Start of Given entries

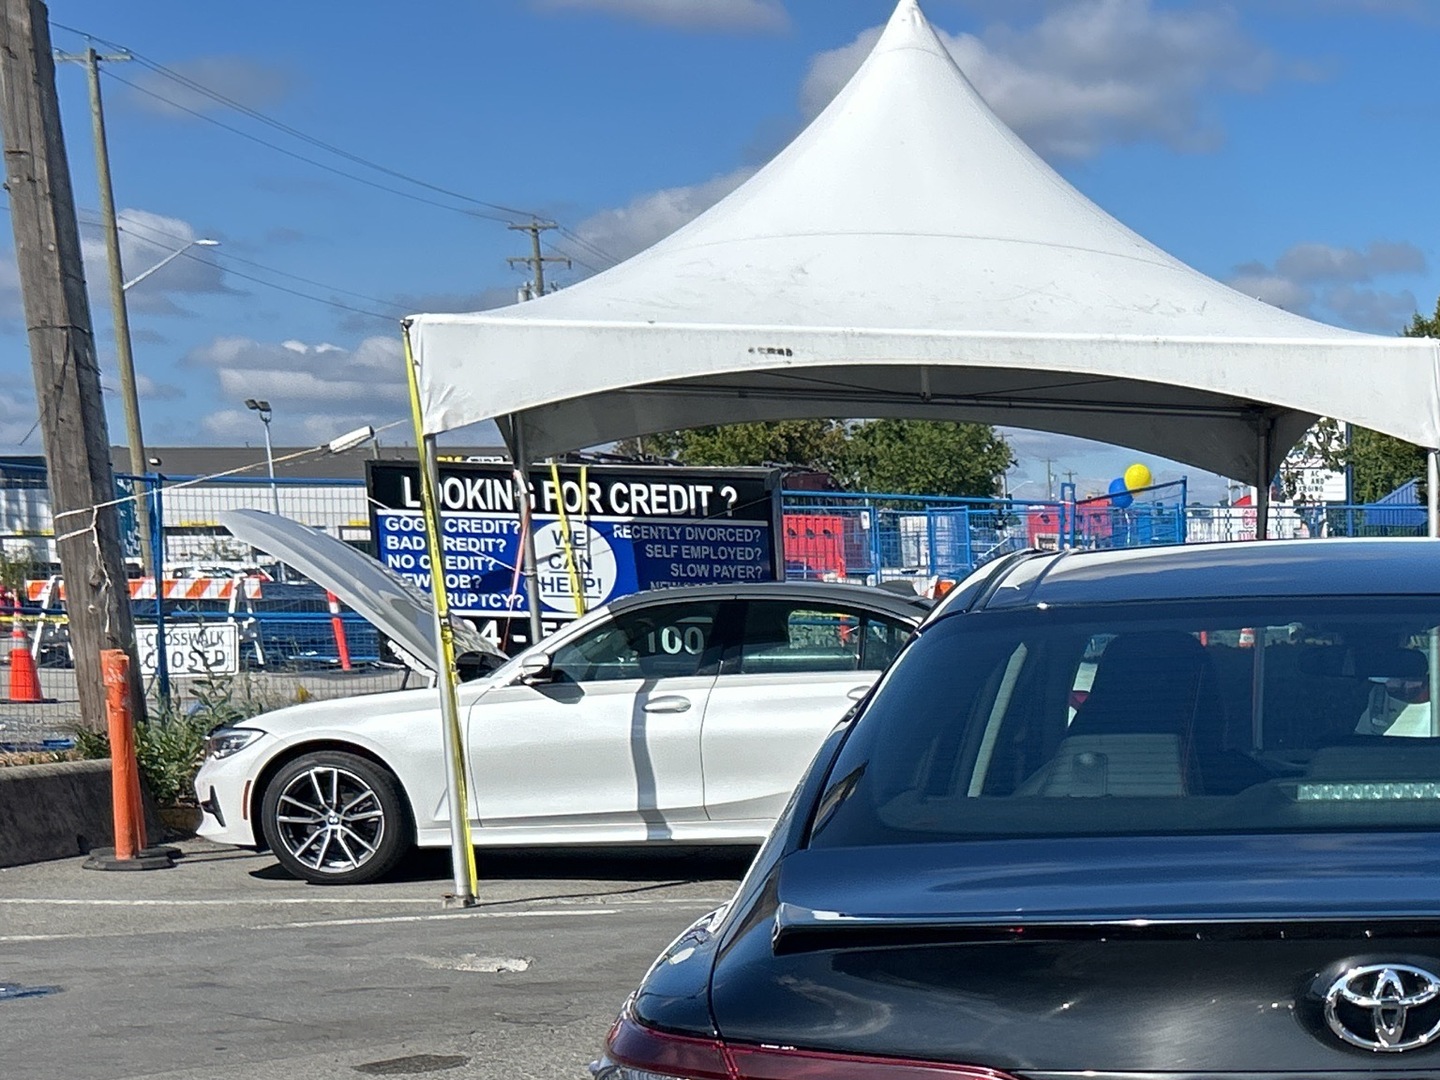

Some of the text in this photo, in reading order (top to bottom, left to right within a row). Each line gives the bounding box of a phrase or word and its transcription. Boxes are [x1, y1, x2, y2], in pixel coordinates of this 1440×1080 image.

[403, 476, 536, 511] LOKIN
[543, 480, 604, 513] FOR
[609, 482, 713, 516] CREDIT
[385, 517, 521, 535] GOO CREDIT?
[613, 524, 761, 543] RECENTLY DIVORCED?
[386, 536, 507, 553] BAD REDIT?
[645, 544, 762, 562] SELF EMPLOYED?
[388, 554, 497, 571] NO CEDIT?
[670, 563, 763, 580] SLOW PAYER?
[446, 574, 483, 589] OB?
[447, 593, 525, 609] RUPTCY?
[145, 631, 225, 647] COSSWALK
[145, 650, 226, 669] COSD

End of Given entries

» **What you need to do**:
For this exercise, write the listing out again exactly, excluding all images.

» **Answer section**:
Some of the text in this photo, in reading order (top to bottom, left to right within a row). Each line gives the bounding box of a phrase or word and its transcription. Boxes are [x1, y1, x2, y2], in pixel coordinates of this 1440×1080 image.

[403, 476, 536, 511] LOKIN
[543, 480, 604, 513] FOR
[609, 482, 713, 516] CREDIT
[385, 517, 521, 535] GOO CREDIT?
[613, 524, 761, 543] RECENTLY DIVORCED?
[386, 536, 507, 553] BAD REDIT?
[645, 544, 762, 562] SELF EMPLOYED?
[388, 554, 497, 571] NO CEDIT?
[670, 563, 763, 580] SLOW PAYER?
[446, 574, 483, 589] OB?
[447, 593, 525, 609] RUPTCY?
[145, 631, 225, 647] COSSWALK
[145, 650, 226, 669] COSD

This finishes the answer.